** Working data **
# # # # #
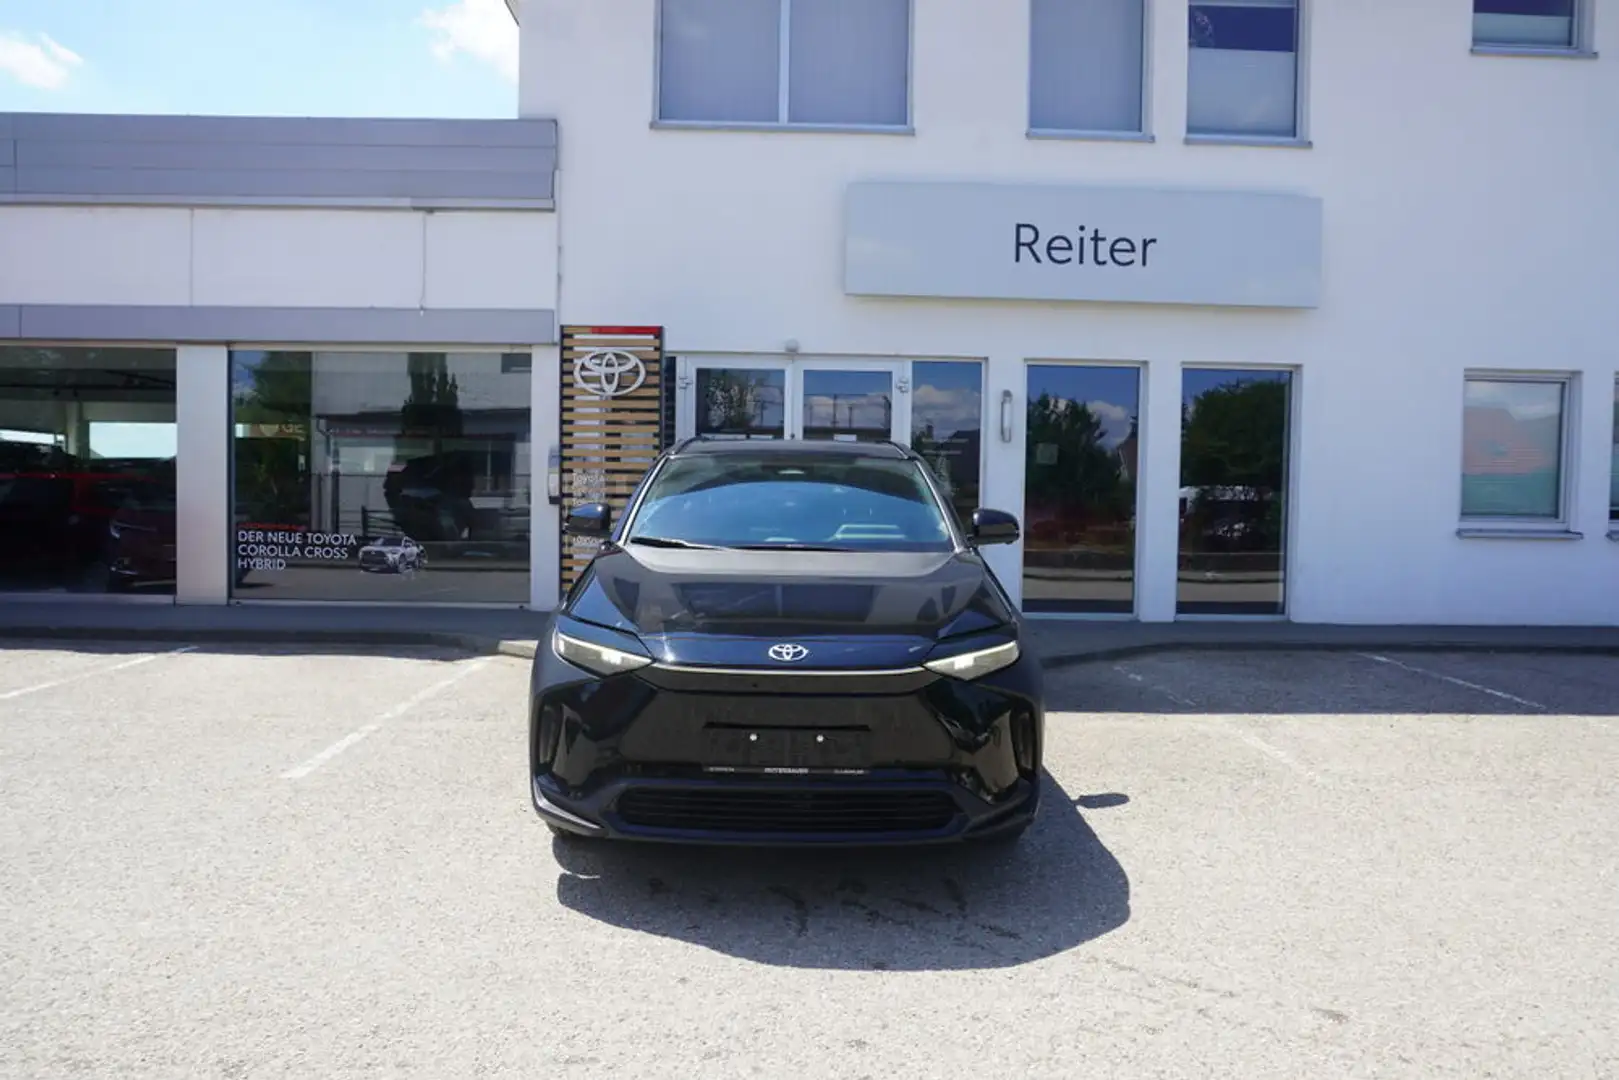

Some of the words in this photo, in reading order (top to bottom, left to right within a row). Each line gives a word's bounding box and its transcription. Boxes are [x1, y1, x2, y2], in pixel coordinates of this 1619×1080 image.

[1015, 223, 1157, 267] Reiter
[237, 530, 264, 543] DER
[267, 531, 303, 544] NEUE
[306, 533, 357, 545] TOYOTA
[237, 544, 301, 557] COROLLA
[304, 546, 349, 559] CROSS
[237, 557, 287, 570] HYBRID
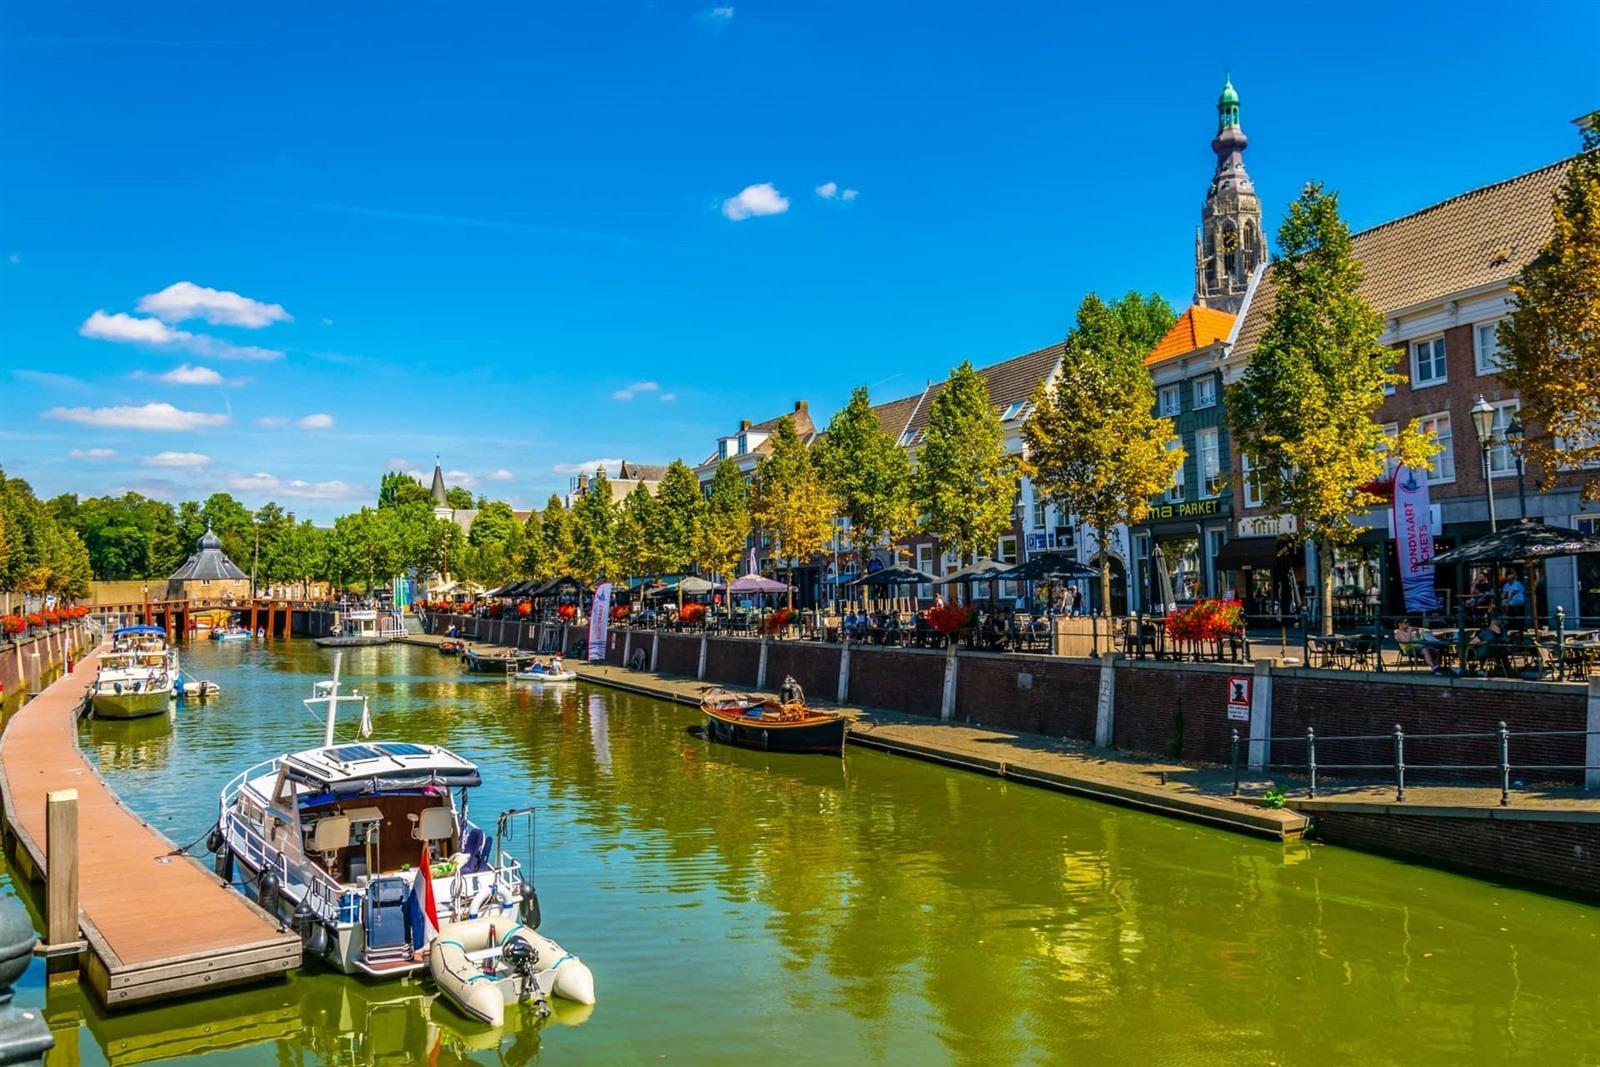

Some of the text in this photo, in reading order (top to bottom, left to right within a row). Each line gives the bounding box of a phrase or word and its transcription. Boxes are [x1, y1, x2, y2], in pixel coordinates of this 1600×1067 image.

[1179, 501, 1217, 516] PARKET
[1404, 502, 1419, 573] RONDVAART
[1418, 525, 1430, 572] TCKETS
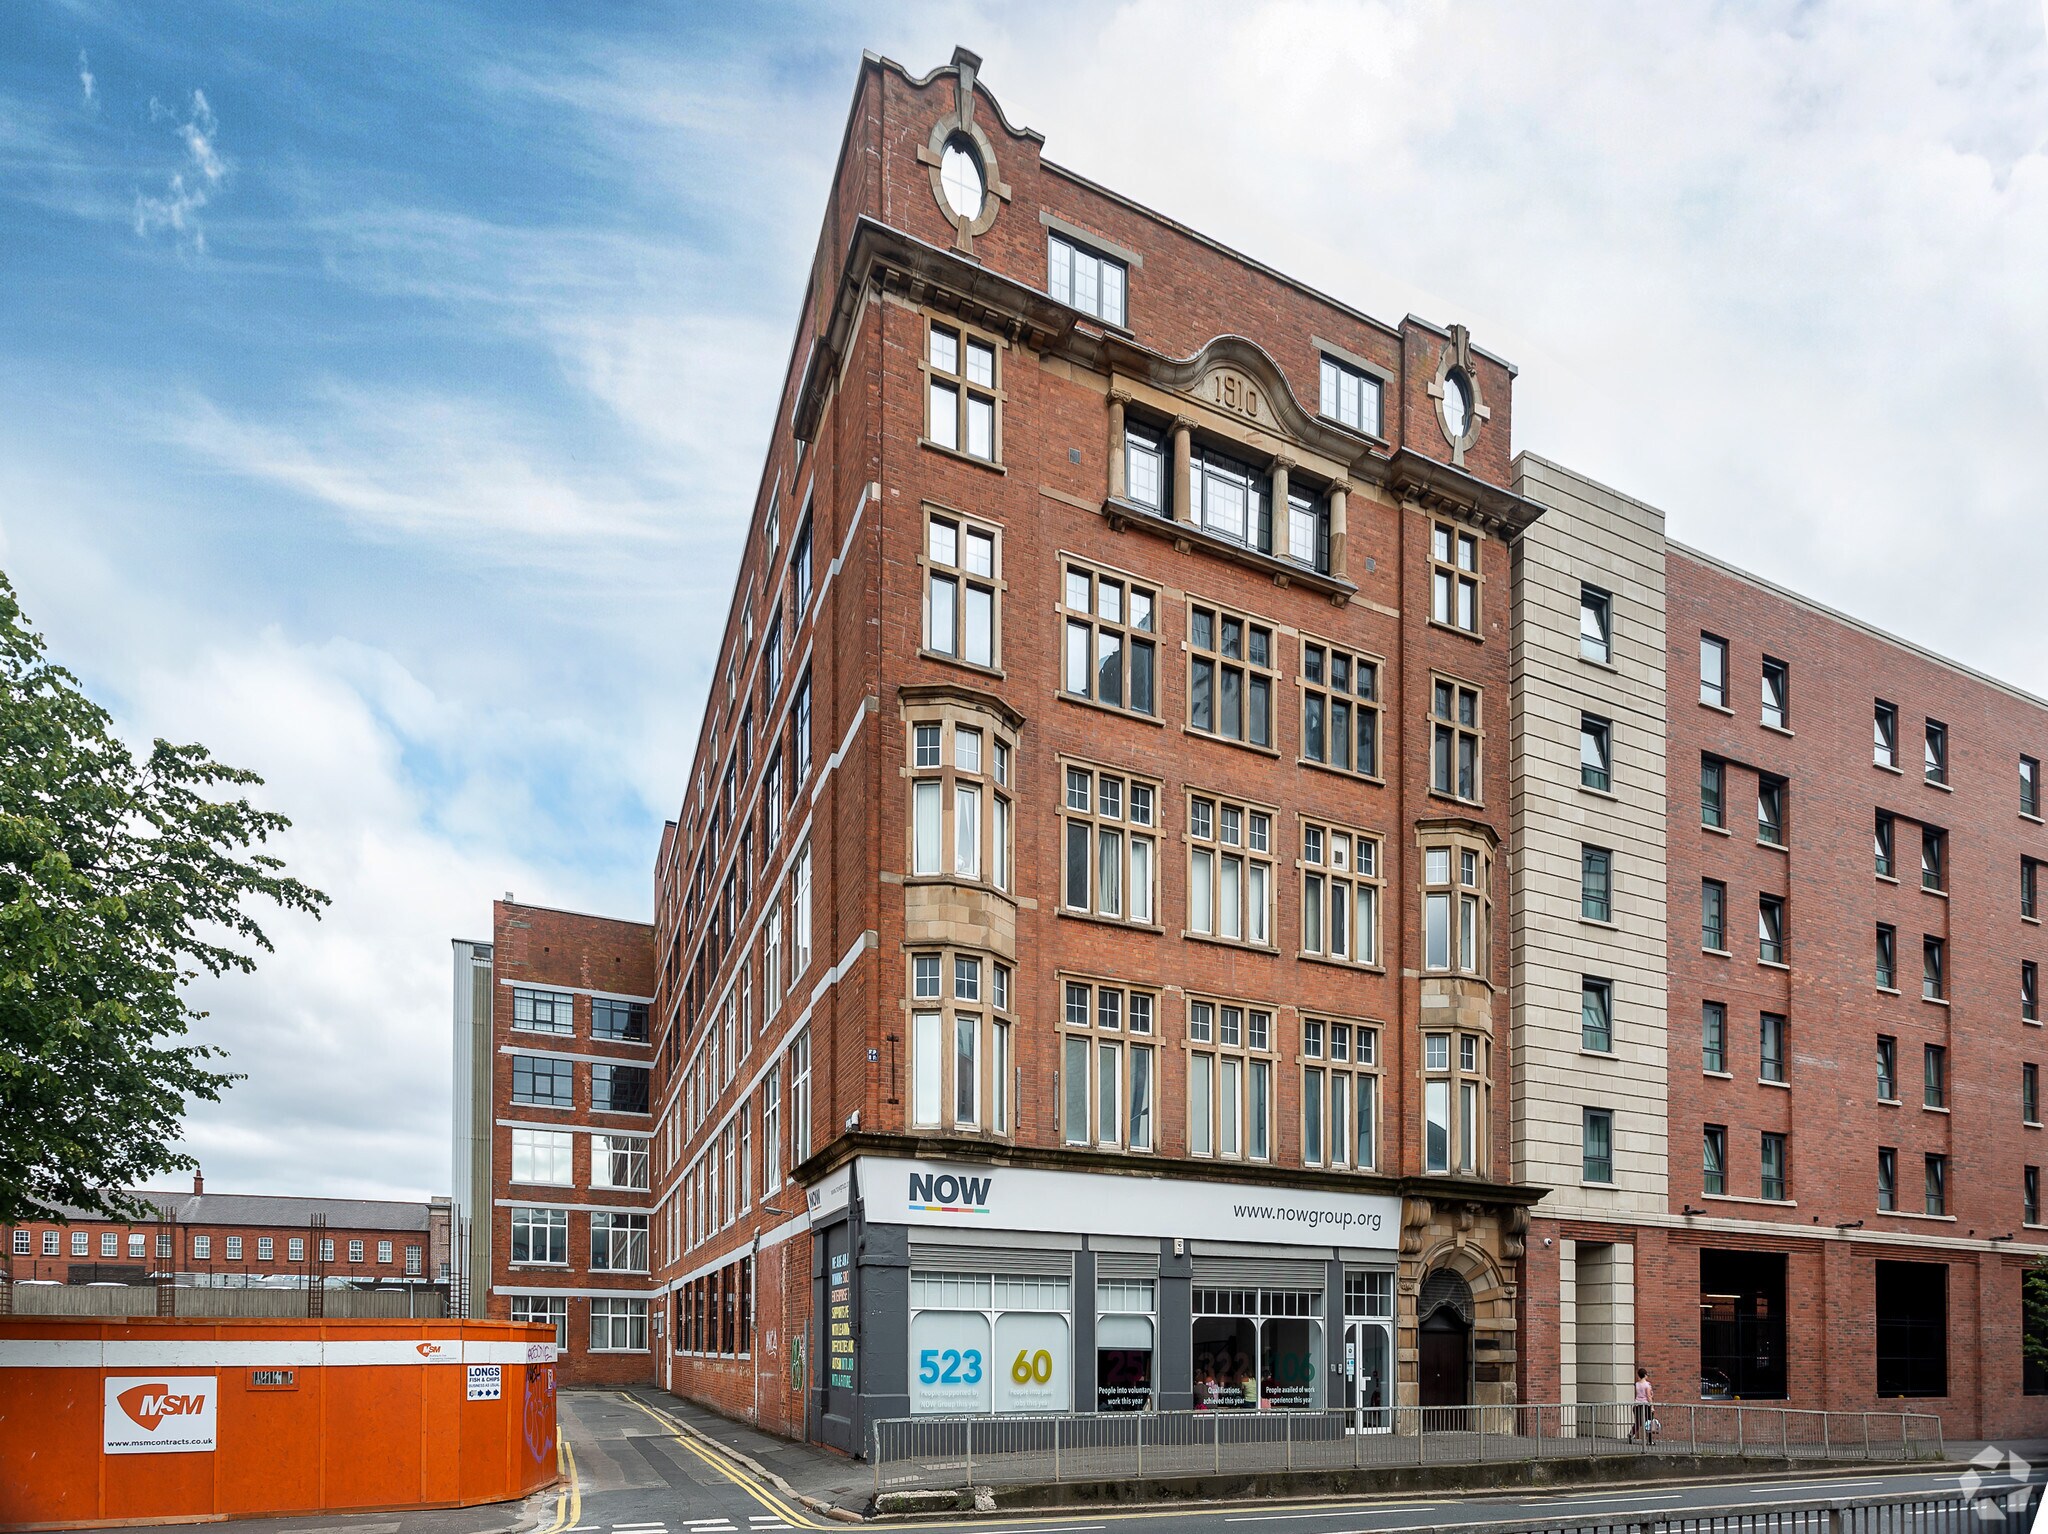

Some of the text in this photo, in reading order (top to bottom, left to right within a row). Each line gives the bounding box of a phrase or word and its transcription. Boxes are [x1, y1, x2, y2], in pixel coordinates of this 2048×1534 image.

[1215, 375, 1257, 418] 1910
[908, 1172, 992, 1206] NOW
[808, 1187, 821, 1209] NOW
[1233, 1204, 1382, 1232] www.nowgroup.org
[422, 1345, 441, 1354] MSM
[919, 1348, 983, 1384] 523
[1012, 1349, 1053, 1384] 60
[1107, 1350, 1144, 1383] 25
[1269, 1351, 1316, 1383] 106
[469, 1367, 500, 1377] LONGS
[920, 1388, 979, 1398] People supported by
[1009, 1387, 1028, 1397] People
[1029, 1387, 1041, 1396] into
[1098, 1385, 1152, 1396] People into voluntary
[1207, 1386, 1240, 1395] Qualifications
[1266, 1386, 1316, 1395] People availed of work
[139, 1394, 205, 1416] MSM
[937, 1400, 956, 1410] Group
[956, 1399, 967, 1408] this
[1107, 1396, 1143, 1406] work this year
[1203, 1397, 1245, 1406] achieved this year
[1293, 1397, 1303, 1405] this
[1302, 1398, 1313, 1406] year
[107, 1438, 213, 1448] www.msmcontracts.co.uk
# # # # #
** What you have to do **
Return the listing above unaltered, omitting its pictures.

** Exercise output **
Some of the words in this photo, in reading order (top to bottom, left to right within a row). Each line gives a word's bounding box and its transcription. Boxes are [x1, y1, x2, y2], in pixel coordinates of this 1619×1080 image.

[1015, 223, 1157, 267] Reiter
[237, 530, 264, 543] DER
[267, 531, 303, 544] NEUE
[306, 533, 357, 545] TOYOTA
[237, 544, 301, 557] COROLLA
[304, 546, 349, 559] CROSS
[237, 557, 287, 570] HYBRID

Some of the text in this photo, in reading order (top to bottom, left to right within a row). Each line gives the bounding box of a phrase or word and its transcription. Boxes are [x1, y1, x2, y2], in pixel coordinates of this 1600×1067 image.

[1179, 501, 1217, 516] PARKET
[1404, 502, 1419, 573] RONDVAART
[1418, 525, 1430, 572] TCKETS

Some of the text in this photo, in reading order (top to bottom, left to right within a row). Each line gives the bounding box of a phrase or word and its transcription. Boxes are [x1, y1, x2, y2], in pixel coordinates of this 2048×1534 image.

[1215, 375, 1257, 418] 1910
[908, 1172, 992, 1206] NOW
[808, 1187, 821, 1209] NOW
[1233, 1204, 1382, 1232] www.nowgroup.org
[422, 1345, 441, 1354] MSM
[919, 1348, 983, 1384] 523
[1012, 1349, 1053, 1384] 60
[1107, 1350, 1144, 1383] 25
[1269, 1351, 1316, 1383] 106
[469, 1367, 500, 1377] LONGS
[920, 1388, 979, 1398] People supported by
[1009, 1387, 1028, 1397] People
[1029, 1387, 1041, 1396] into
[1098, 1385, 1152, 1396] People into voluntary
[1207, 1386, 1240, 1395] Qualifications
[1266, 1386, 1316, 1395] People availed of work
[139, 1394, 205, 1416] MSM
[937, 1400, 956, 1410] Group
[956, 1399, 967, 1408] this
[1107, 1396, 1143, 1406] work this year
[1203, 1397, 1245, 1406] achieved this year
[1293, 1397, 1303, 1405] this
[1302, 1398, 1313, 1406] year
[107, 1438, 213, 1448] www.msmcontracts.co.uk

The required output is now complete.